DNA double-strand breaks (DSBs) are repaired mainly by non-homologous end joining or homologous recombination (HR). Cell cycle stage and DNA end resection are believed to regulate the commitment to HR repair. Here we identify RNF138 as a ubiquitin E3 ligase that regulates the HR pathway. RNF138 is recruited to DNA damage sites through zinc fingers that have a strong preference for DNA with 5'- or 3'-single-stranded overhangs.
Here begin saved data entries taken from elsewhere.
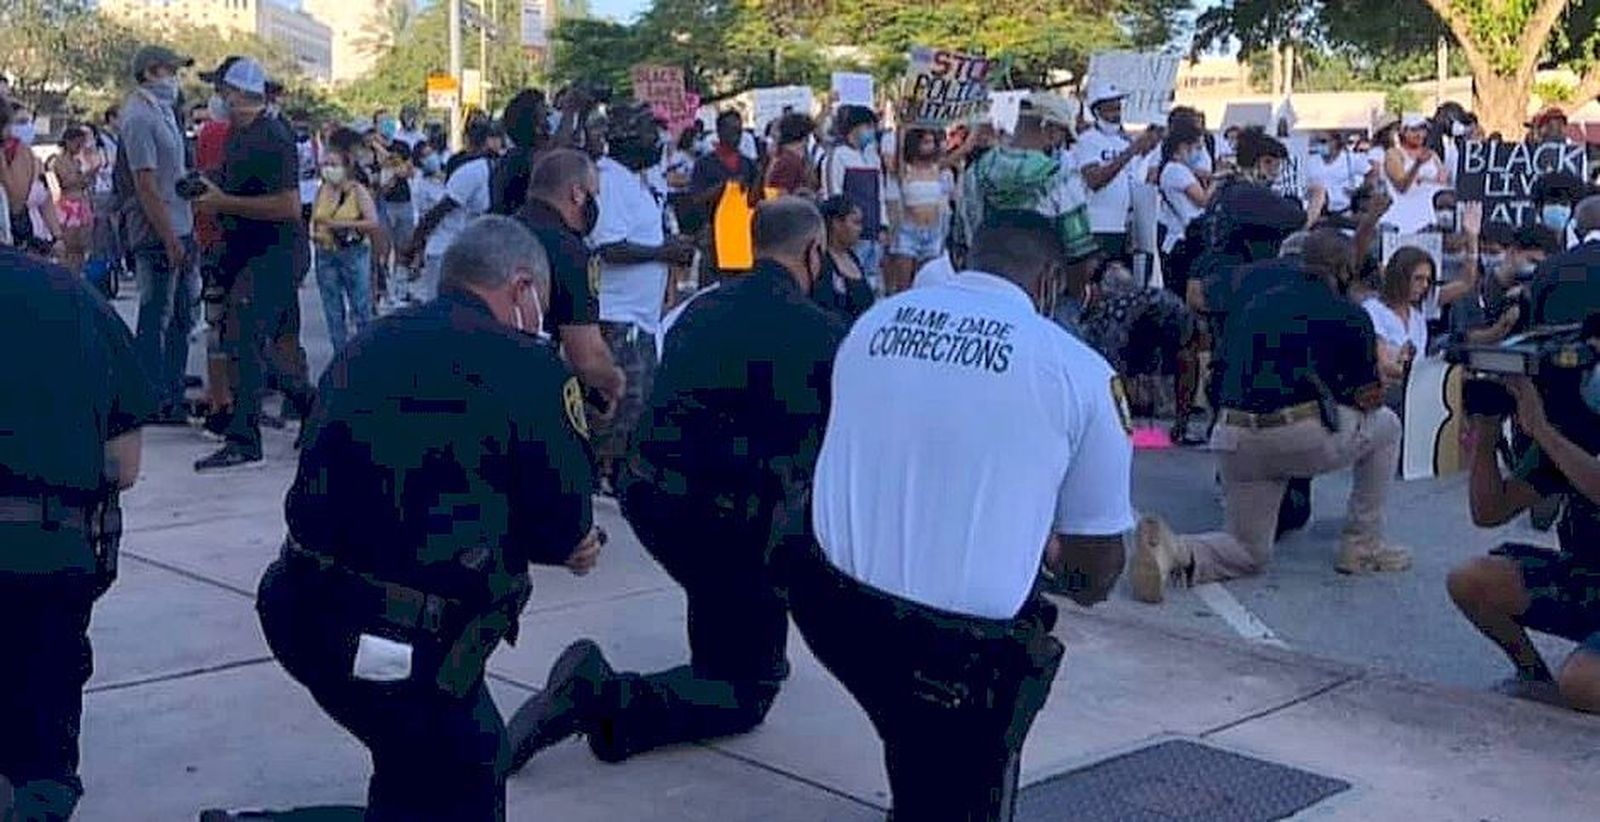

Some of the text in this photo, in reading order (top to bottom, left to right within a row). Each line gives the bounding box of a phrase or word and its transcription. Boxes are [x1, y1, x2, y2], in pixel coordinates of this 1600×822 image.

[1465, 140, 1586, 176] BLACK
[1484, 172, 1539, 197] LIV
[869, 325, 1014, 374] CORRECTIONS
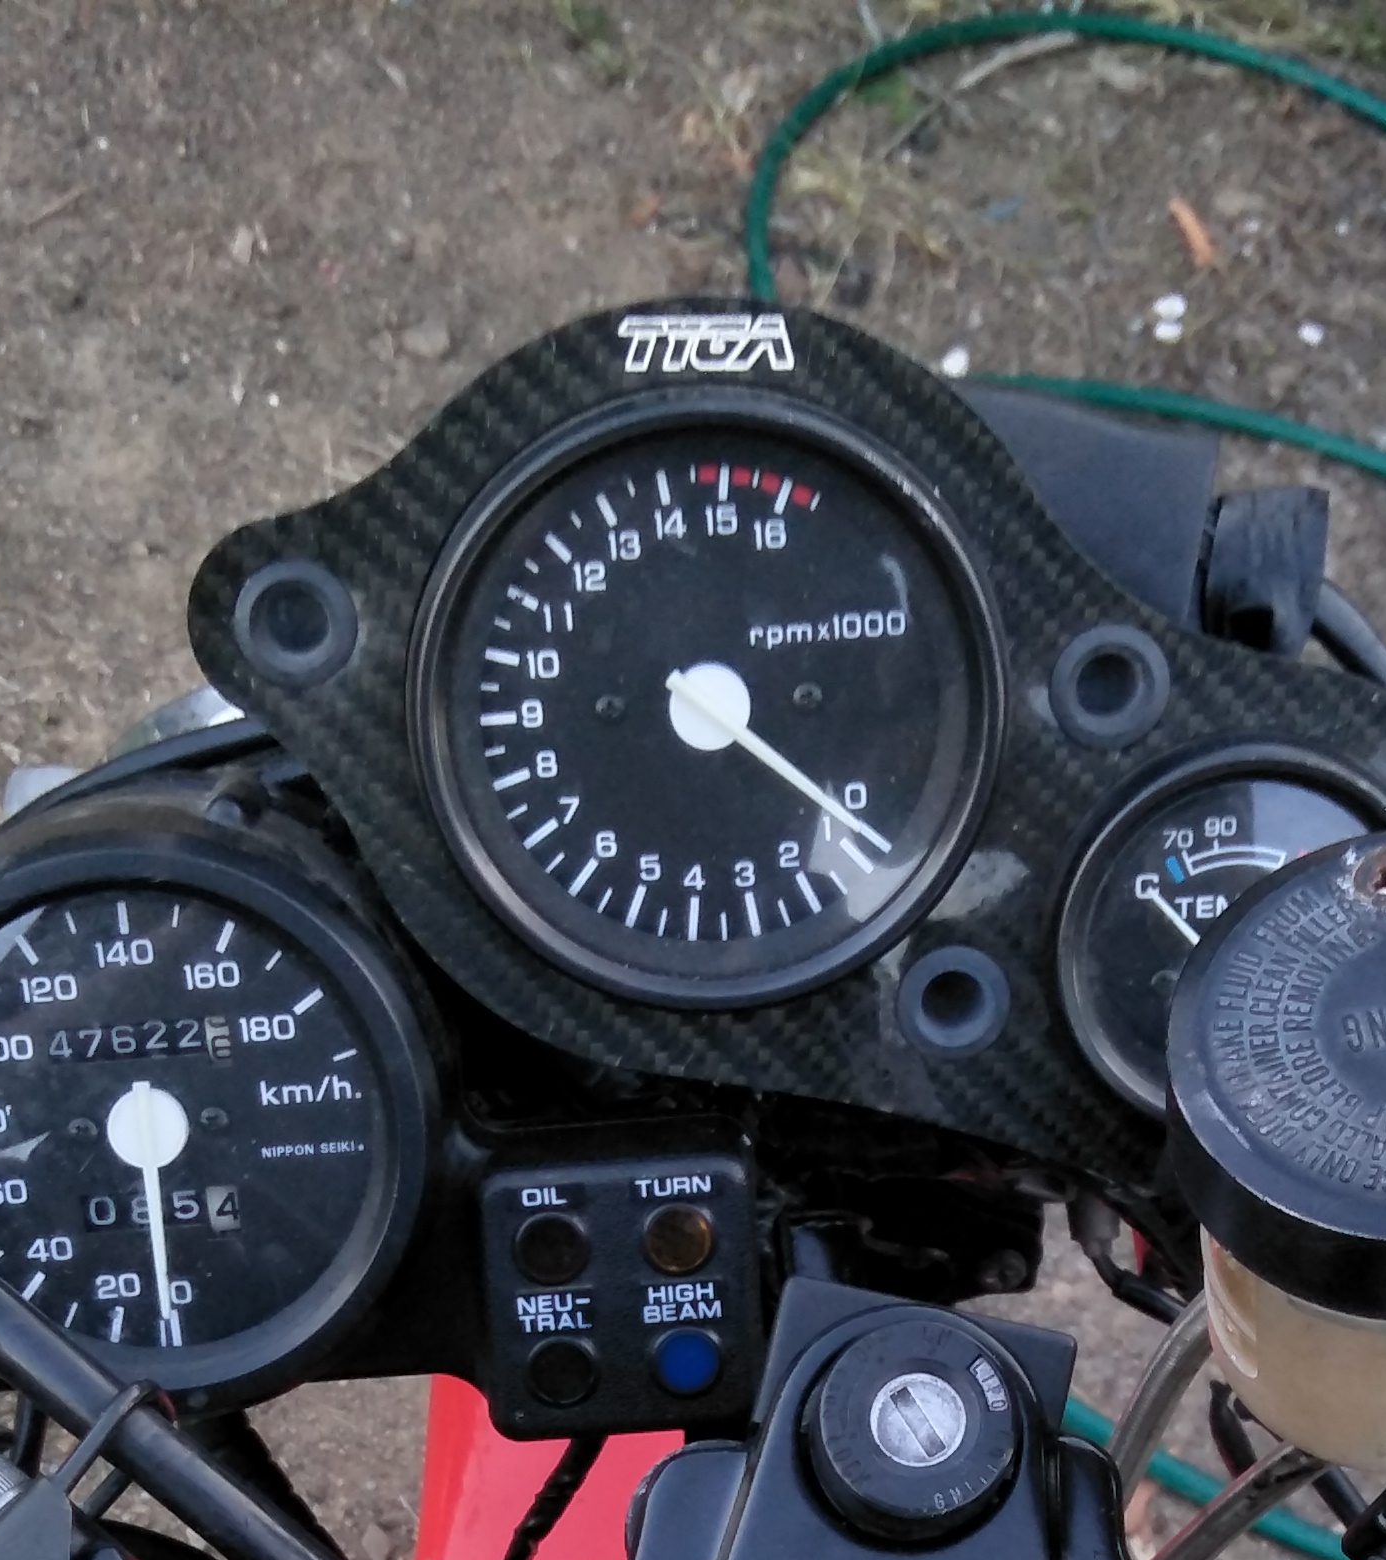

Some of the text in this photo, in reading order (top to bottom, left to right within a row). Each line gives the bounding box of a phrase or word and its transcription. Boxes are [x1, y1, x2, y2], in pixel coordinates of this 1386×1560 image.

[654, 507, 687, 540] 14
[705, 503, 738, 536] 15
[610, 529, 642, 560] 13
[753, 519, 787, 551] 16
[573, 560, 607, 592] 12
[543, 602, 574, 633] 11
[526, 649, 560, 679] 10
[521, 699, 543, 728] 9
[536, 750, 559, 778] 8
[844, 781, 868, 810] 0
[558, 796, 580, 824] 7
[822, 815, 832, 842] 1
[1163, 815, 1237, 850] 70 90
[595, 830, 618, 858] 6
[778, 840, 800, 868] 2
[639, 854, 661, 881] 5
[683, 864, 706, 890] 4
[734, 861, 756, 888] 3
[1135, 873, 1160, 900] C
[1251, 888, 1321, 948] FROM
[94, 939, 154, 968] 140
[19, 973, 77, 1003] 120
[183, 960, 240, 990] 160
[1216, 950, 1263, 1012] FLUID
[238, 1014, 296, 1043] 180
[1285, 1037, 1363, 1120] BEFORE
[261, 1143, 315, 1159] NIPPON
[1291, 1141, 1362, 1184] ONLY
[521, 1187, 567, 1207] OIL
[636, 1175, 712, 1199] TURN
[26, 1235, 73, 1261] 40
[94, 1273, 142, 1299] 20
[169, 1281, 193, 1304] 0
[647, 1283, 715, 1305] HIGH
[517, 1294, 592, 1316] NEU-
[643, 1300, 723, 1325] BEAM
[520, 1311, 593, 1333] TRAL
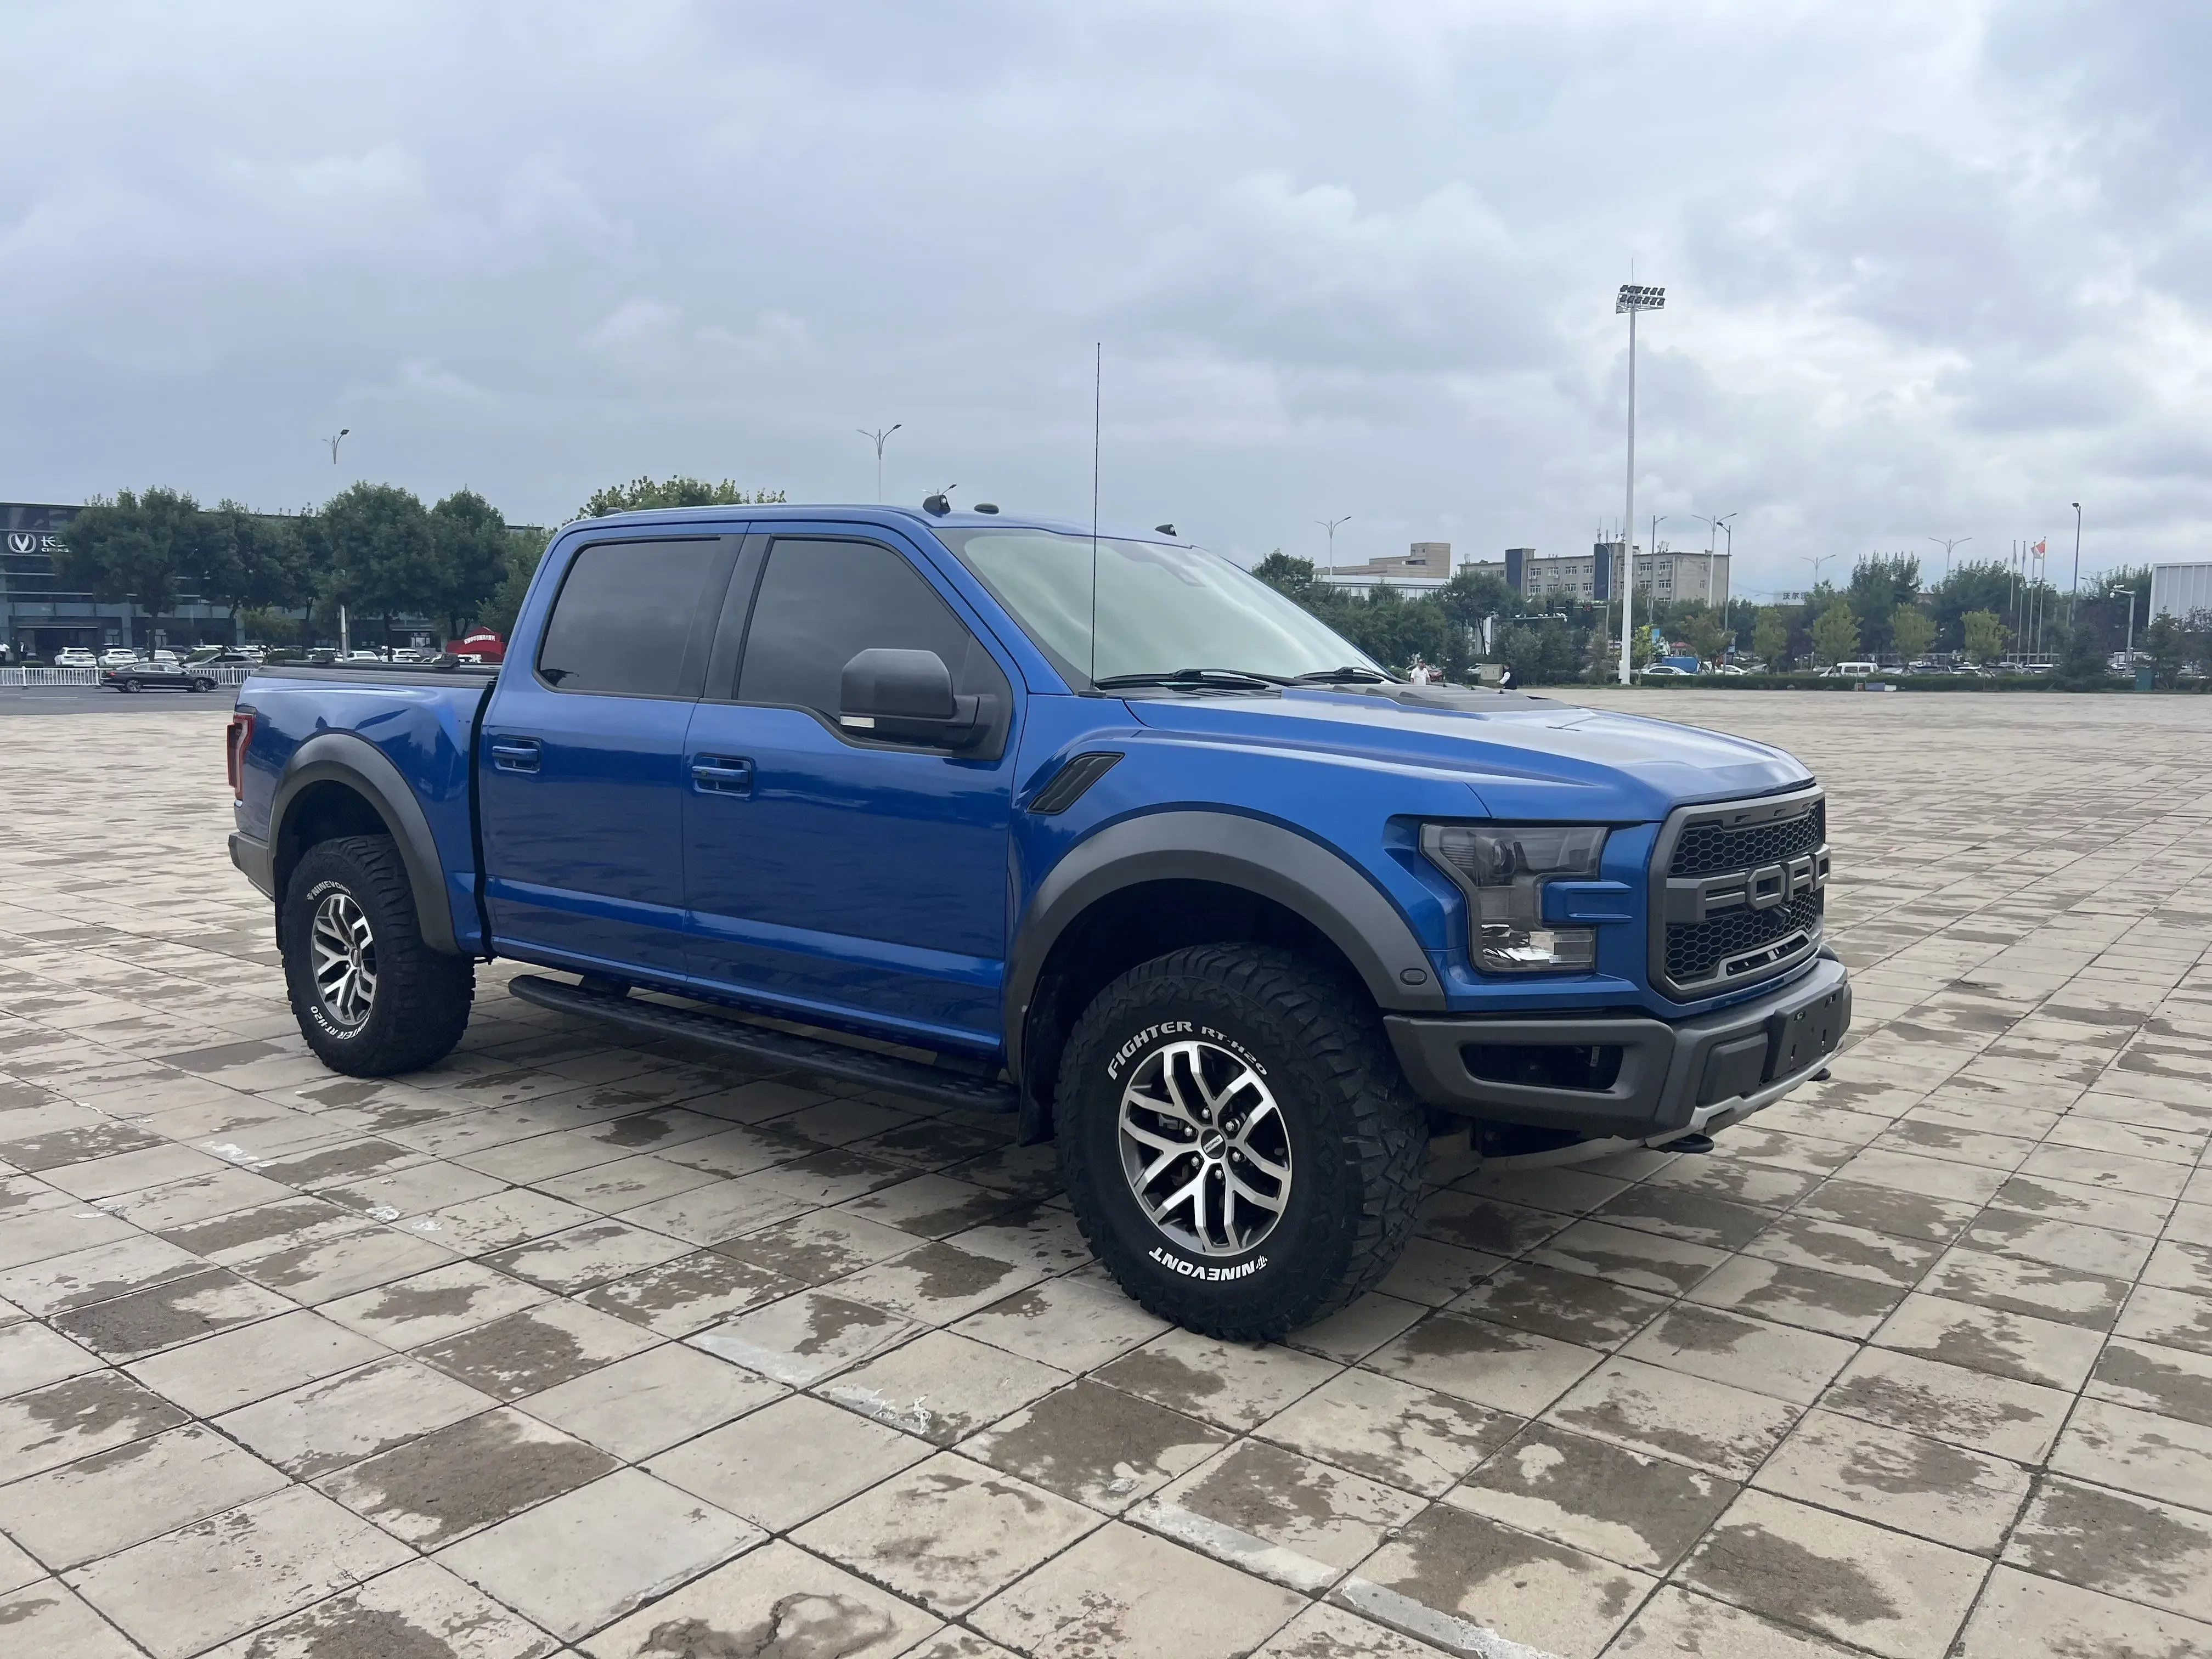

RNF138 stimulates DNA end resection and promotes ATR-dependent signalling and DSB repair by HR, thereby contributing to cell survival on exposure to DSB-inducing agents. Finally, we establish that RNF138-dependent Ku removal from DNA breaks is one mechanism whereby RNF138 can promote HR. These results establish RNF138 as an important regulator of DSB repair pathway choice.